_Assignment:_
Return the data below unchanged, without images.

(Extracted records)
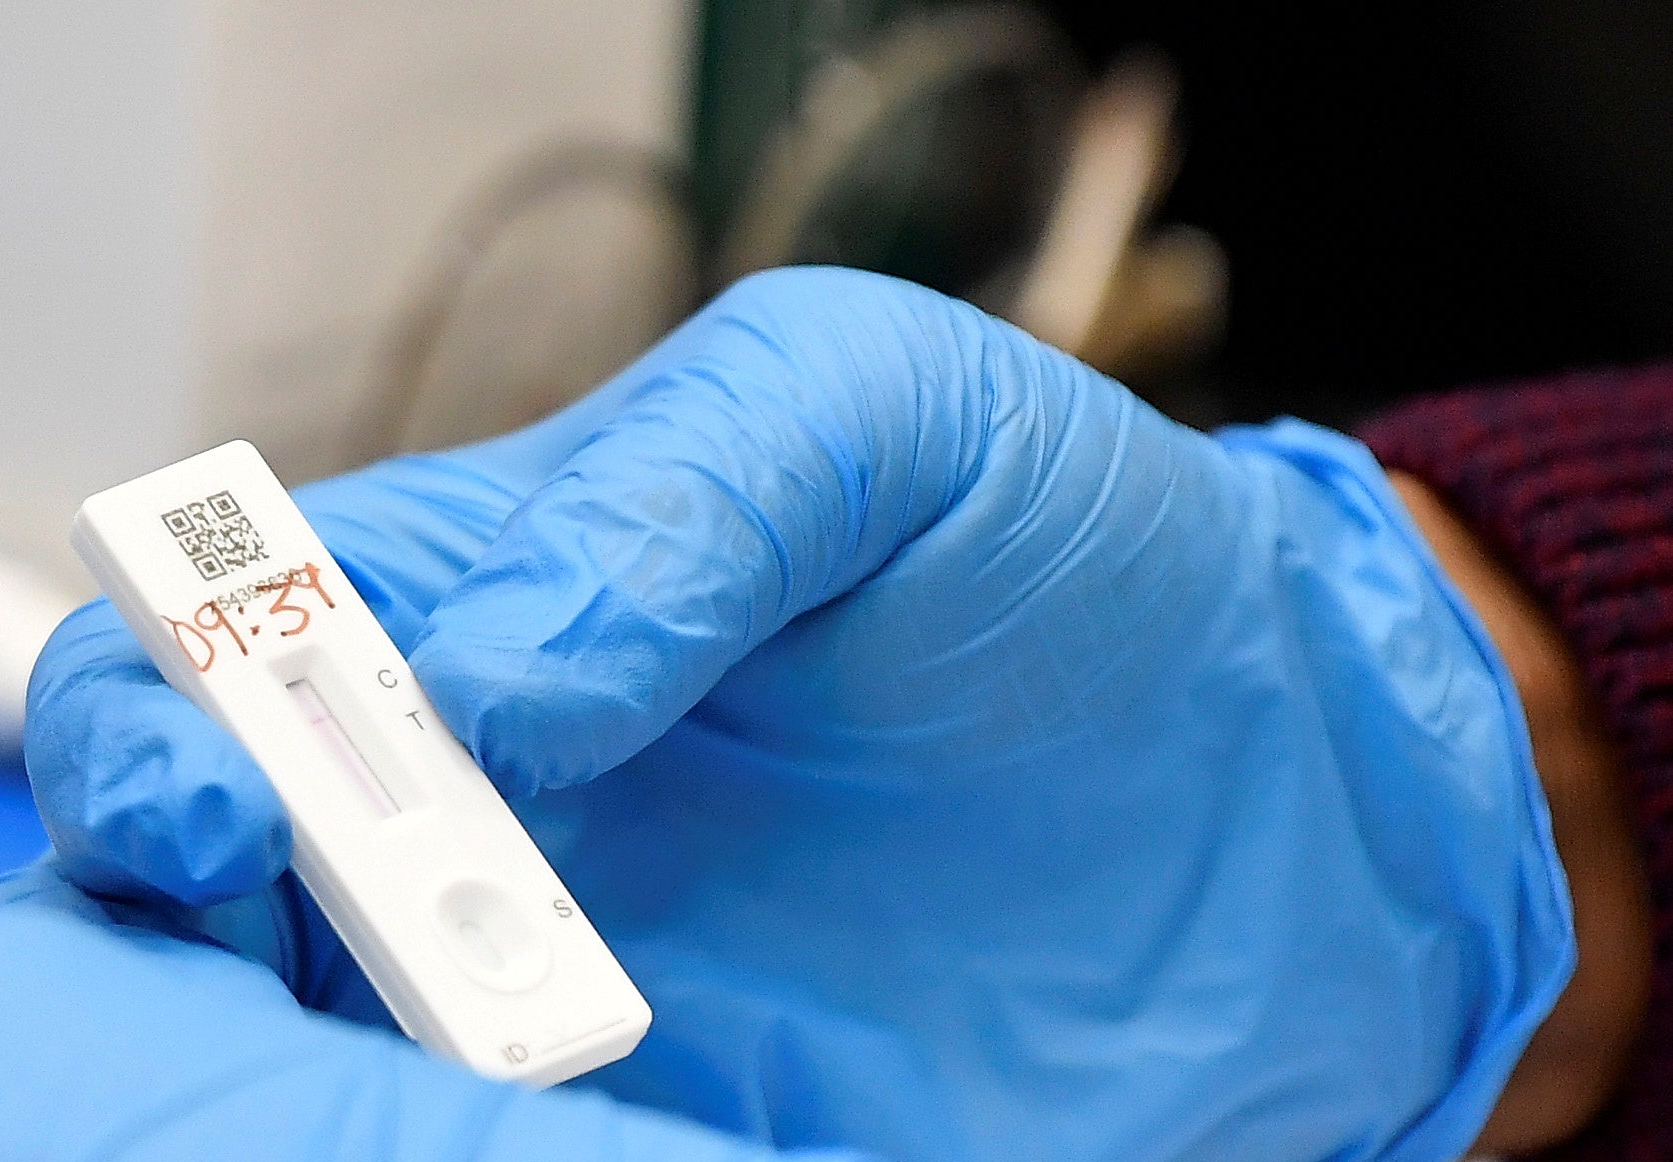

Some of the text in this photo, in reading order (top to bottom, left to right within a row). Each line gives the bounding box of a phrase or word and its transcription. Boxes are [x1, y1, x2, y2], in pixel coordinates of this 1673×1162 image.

[377, 669, 398, 689] C
[405, 710, 424, 730] T
[553, 899, 574, 919] S
[501, 1042, 529, 1065] ID

_Result of this task:_
Some of the text in this photo, in reading order (top to bottom, left to right within a row). Each line gives the bounding box of a phrase or word and its transcription. Boxes are [x1, y1, x2, y2], in pixel coordinates of this 1673×1162 image.

[377, 669, 398, 689] C
[405, 710, 424, 730] T
[553, 899, 574, 919] S
[501, 1042, 529, 1065] ID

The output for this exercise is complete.